● DATA RECORDS:

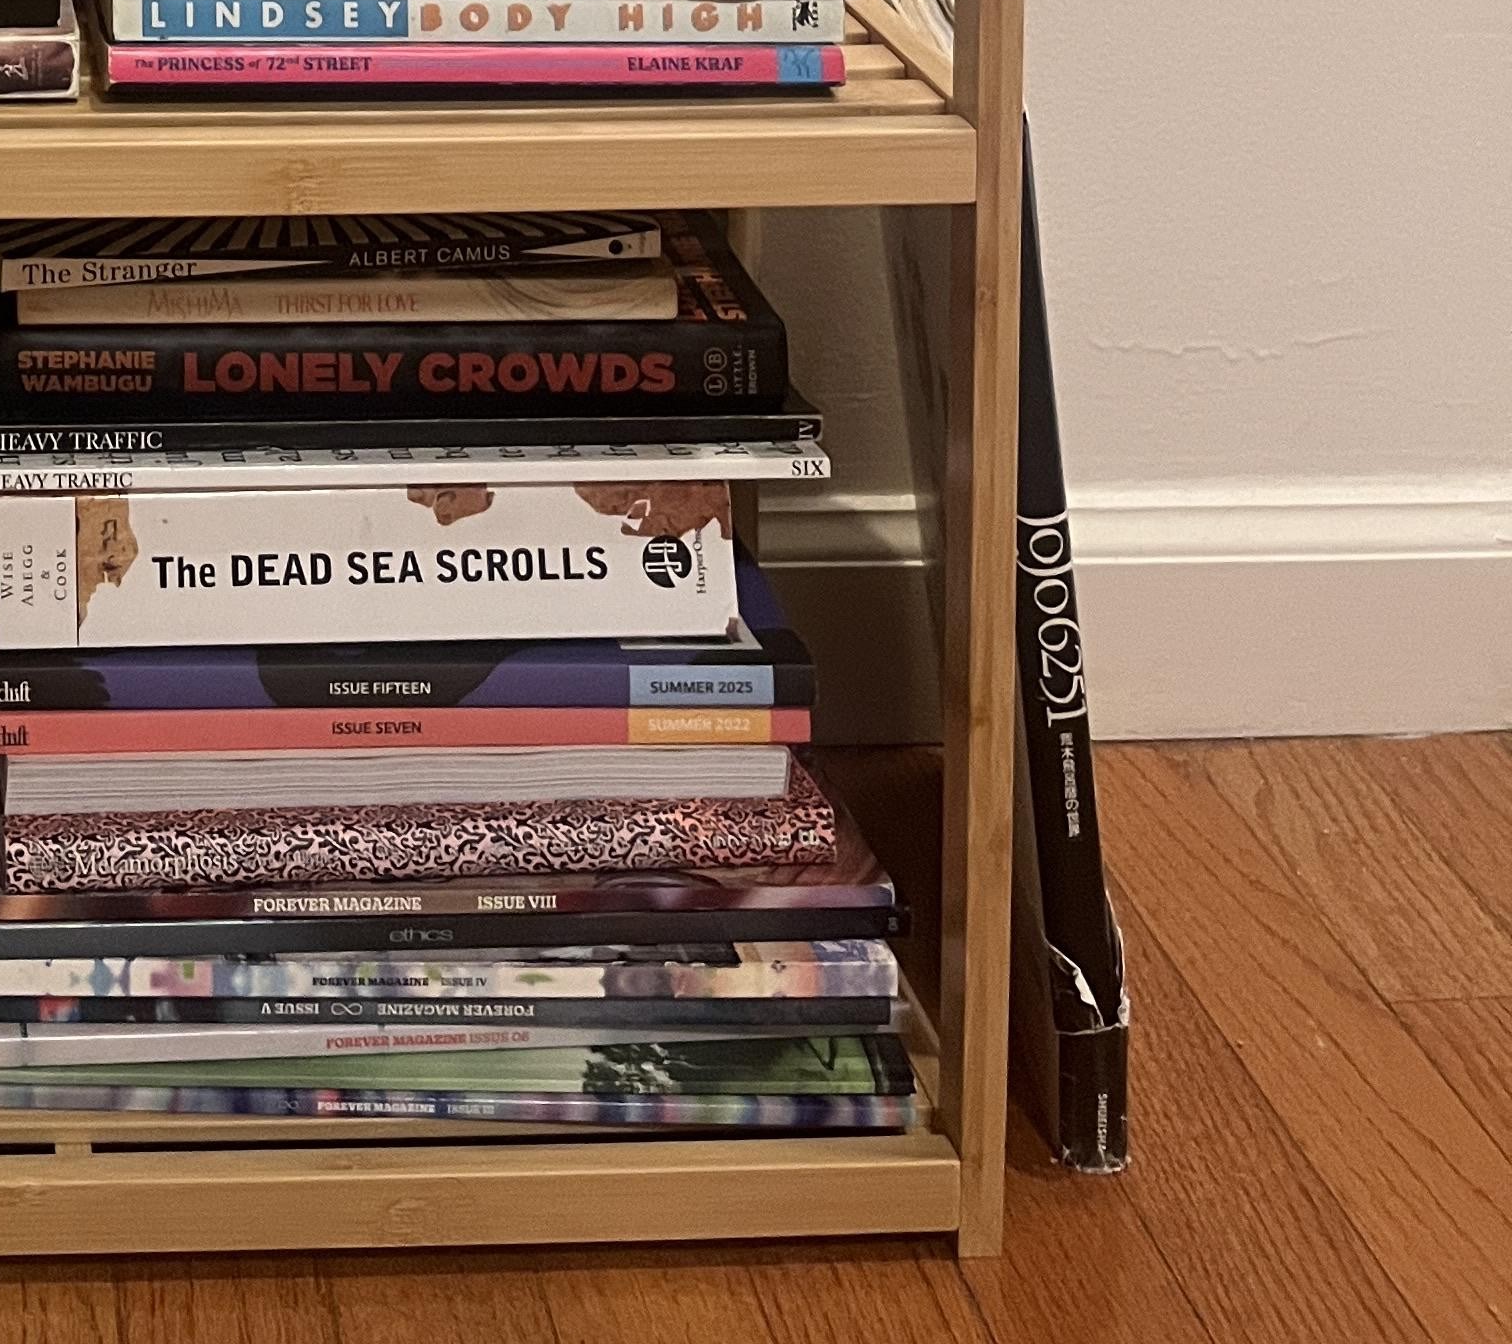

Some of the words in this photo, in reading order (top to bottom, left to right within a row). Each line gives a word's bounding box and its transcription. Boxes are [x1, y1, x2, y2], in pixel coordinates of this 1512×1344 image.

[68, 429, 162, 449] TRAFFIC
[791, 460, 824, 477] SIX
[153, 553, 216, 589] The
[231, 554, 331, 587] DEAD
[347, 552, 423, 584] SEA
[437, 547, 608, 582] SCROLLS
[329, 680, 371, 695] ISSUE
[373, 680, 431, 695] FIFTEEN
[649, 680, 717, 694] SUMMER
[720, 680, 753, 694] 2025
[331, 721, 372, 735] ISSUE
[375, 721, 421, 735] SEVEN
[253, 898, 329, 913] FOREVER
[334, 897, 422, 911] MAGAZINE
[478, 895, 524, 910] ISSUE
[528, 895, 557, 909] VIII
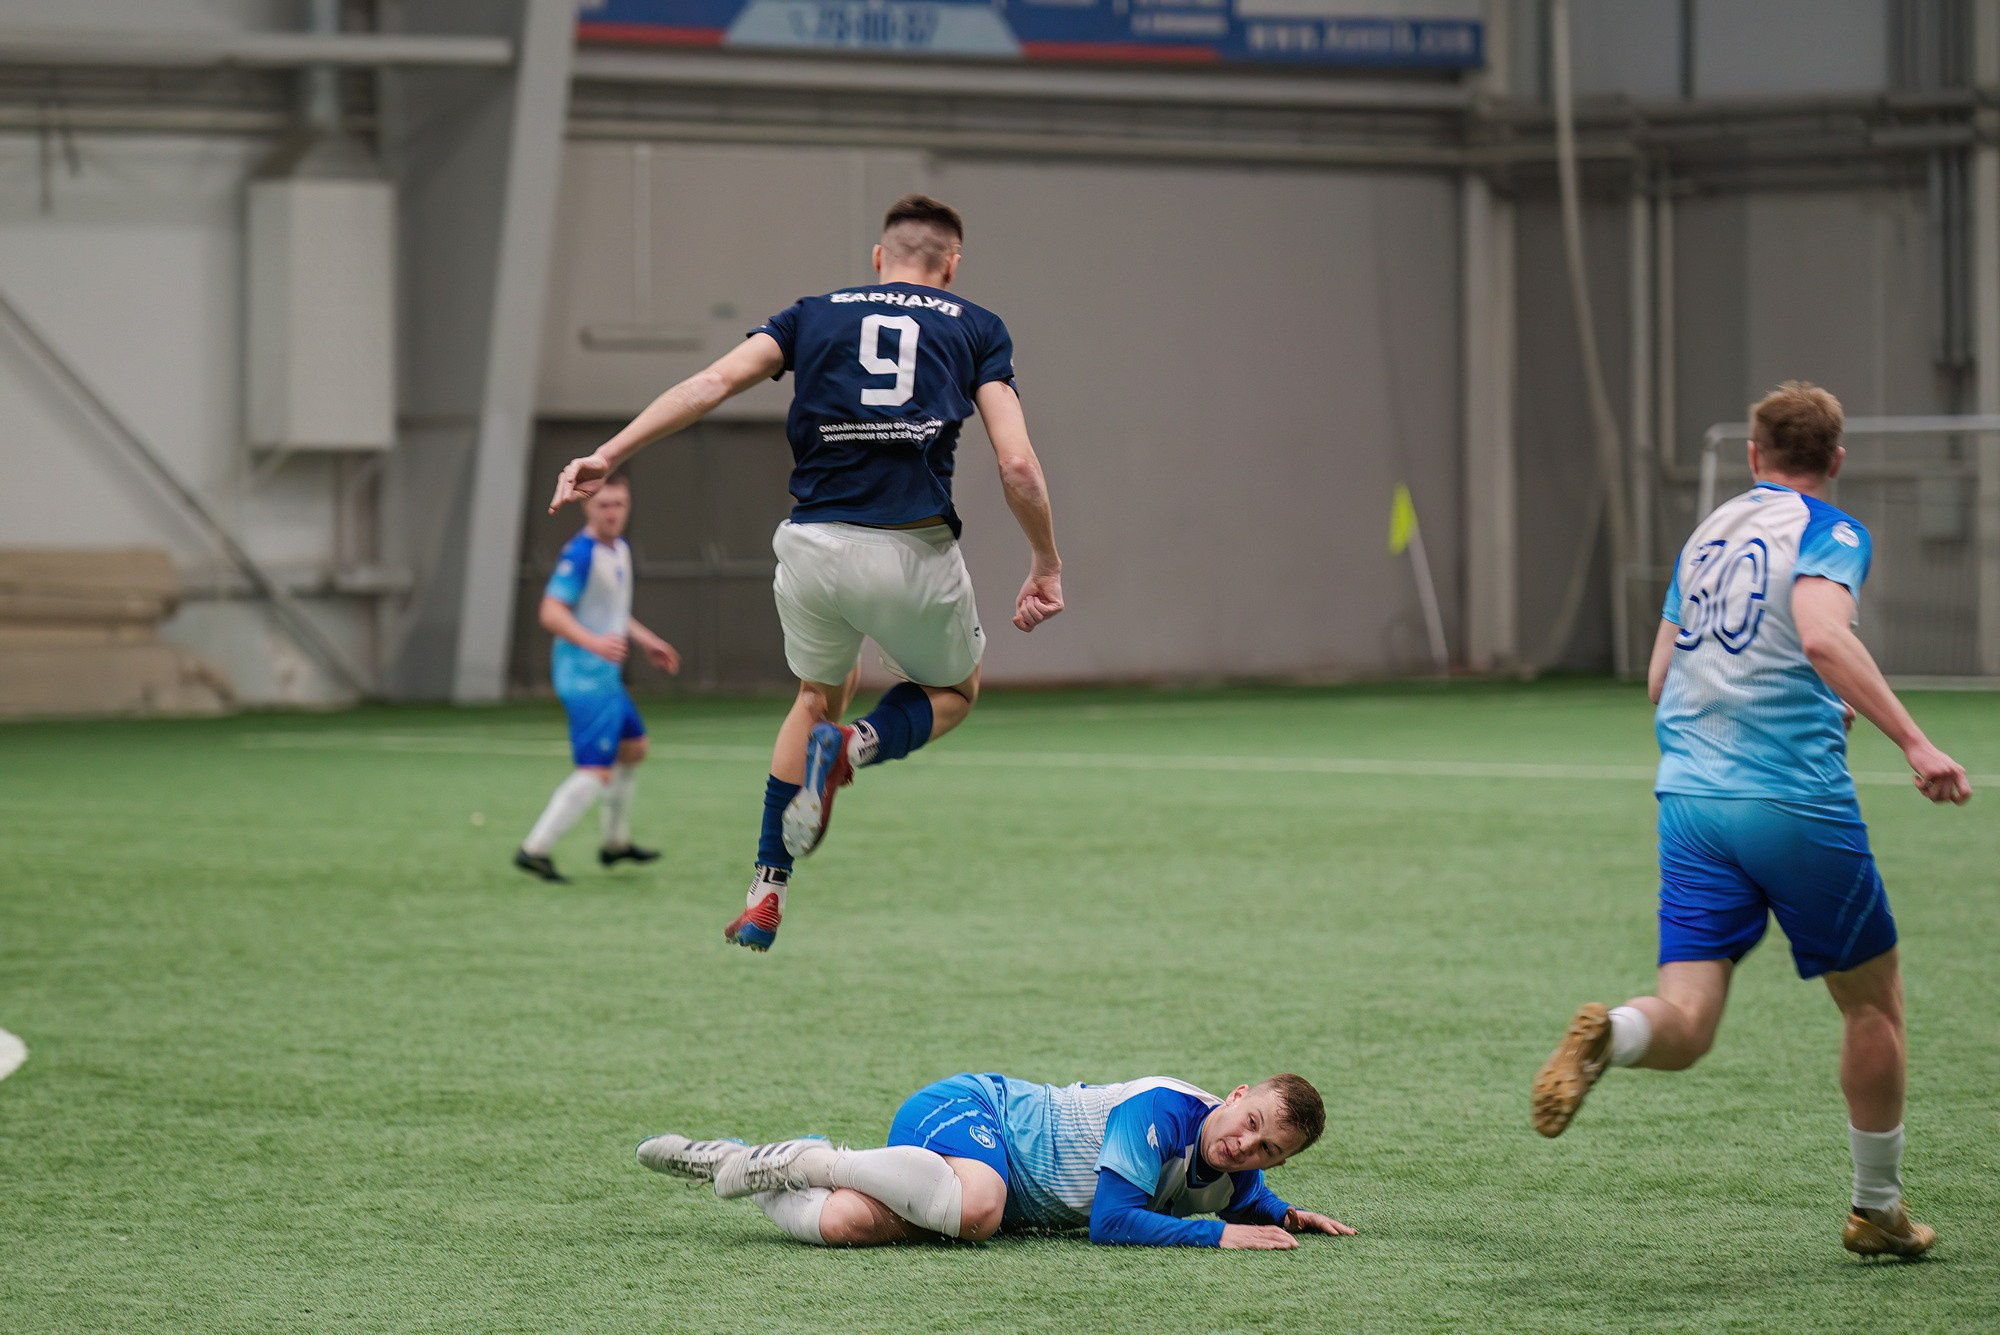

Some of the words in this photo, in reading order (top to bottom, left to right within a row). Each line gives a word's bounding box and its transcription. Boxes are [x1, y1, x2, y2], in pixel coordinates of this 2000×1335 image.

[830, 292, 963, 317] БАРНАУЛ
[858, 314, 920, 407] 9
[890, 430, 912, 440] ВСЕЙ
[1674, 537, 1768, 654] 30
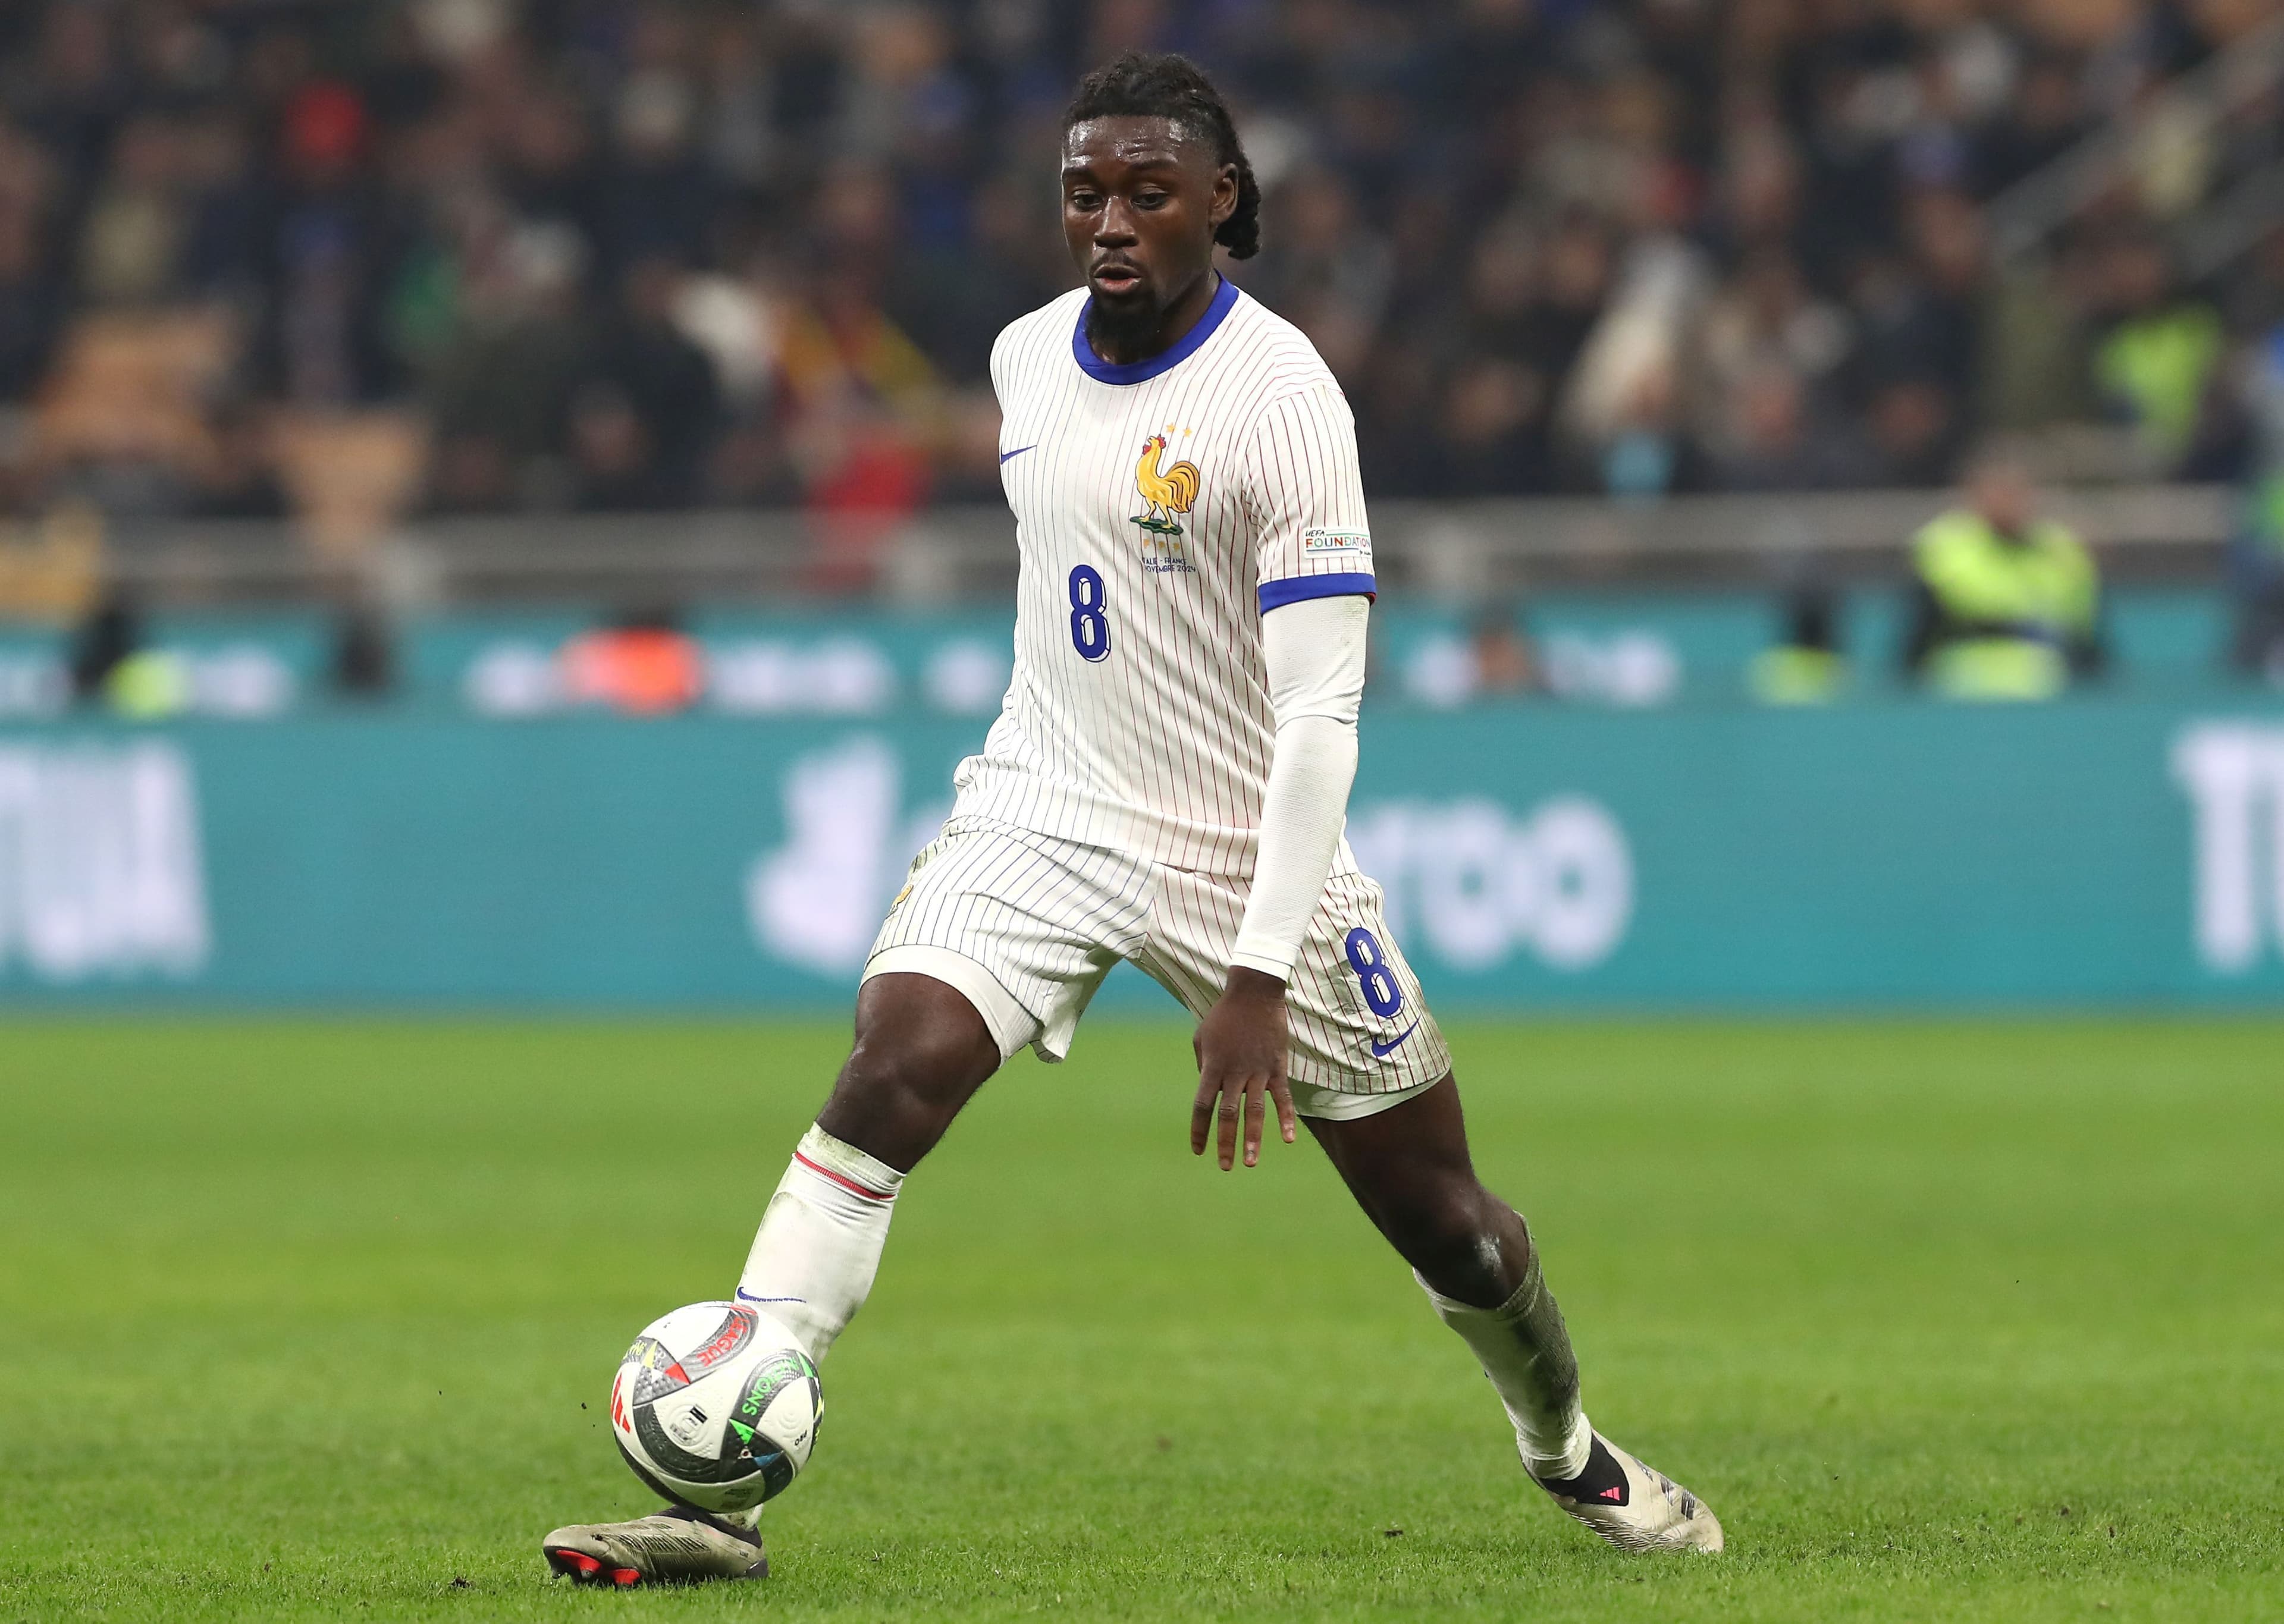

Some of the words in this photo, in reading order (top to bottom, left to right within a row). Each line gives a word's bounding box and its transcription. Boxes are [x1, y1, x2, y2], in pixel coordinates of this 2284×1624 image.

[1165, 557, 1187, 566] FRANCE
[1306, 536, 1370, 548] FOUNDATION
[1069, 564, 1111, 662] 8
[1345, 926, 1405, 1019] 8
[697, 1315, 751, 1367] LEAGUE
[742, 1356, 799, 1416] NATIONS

● WHAT IS EXPECTED:
Drop the pictures, then write out everything else in the records exactly.

● SOLUTION TO THIS TASK:
Some of the words in this photo, in reading order (top to bottom, left to right within a row). Each line gives a word's bounding box and its transcription. Boxes are [x1, y1, x2, y2], in pixel coordinates of this 1512×1344 image.

[68, 429, 162, 449] TRAFFIC
[791, 460, 824, 477] SIX
[153, 553, 216, 589] The
[231, 554, 331, 587] DEAD
[347, 552, 423, 584] SEA
[437, 547, 608, 582] SCROLLS
[329, 680, 371, 695] ISSUE
[373, 680, 431, 695] FIFTEEN
[649, 680, 717, 694] SUMMER
[720, 680, 753, 694] 2025
[331, 721, 372, 735] ISSUE
[375, 721, 421, 735] SEVEN
[253, 898, 329, 913] FOREVER
[334, 897, 422, 911] MAGAZINE
[478, 895, 524, 910] ISSUE
[528, 895, 557, 909] VIII

Some of the words in this photo, in reading order (top to bottom, left to right within a row). Each line gives a word's bounding box and its transcription. Boxes are [x1, y1, x2, y2], in pixel coordinates of this 2000×1335 image.

[830, 292, 963, 317] БАРНАУЛ
[858, 314, 920, 407] 9
[890, 430, 912, 440] ВСЕЙ
[1674, 537, 1768, 654] 30

Some of the words in this photo, in reading order (top to bottom, left to right within a row). Each line gives a word's bounding box and its transcription. Boxes are [x1, y1, x2, y2], in pixel coordinates of this 2284×1624 image.

[1165, 557, 1187, 566] FRANCE
[1306, 536, 1370, 548] FOUNDATION
[1069, 564, 1111, 662] 8
[1345, 926, 1405, 1019] 8
[697, 1315, 751, 1367] LEAGUE
[742, 1356, 799, 1416] NATIONS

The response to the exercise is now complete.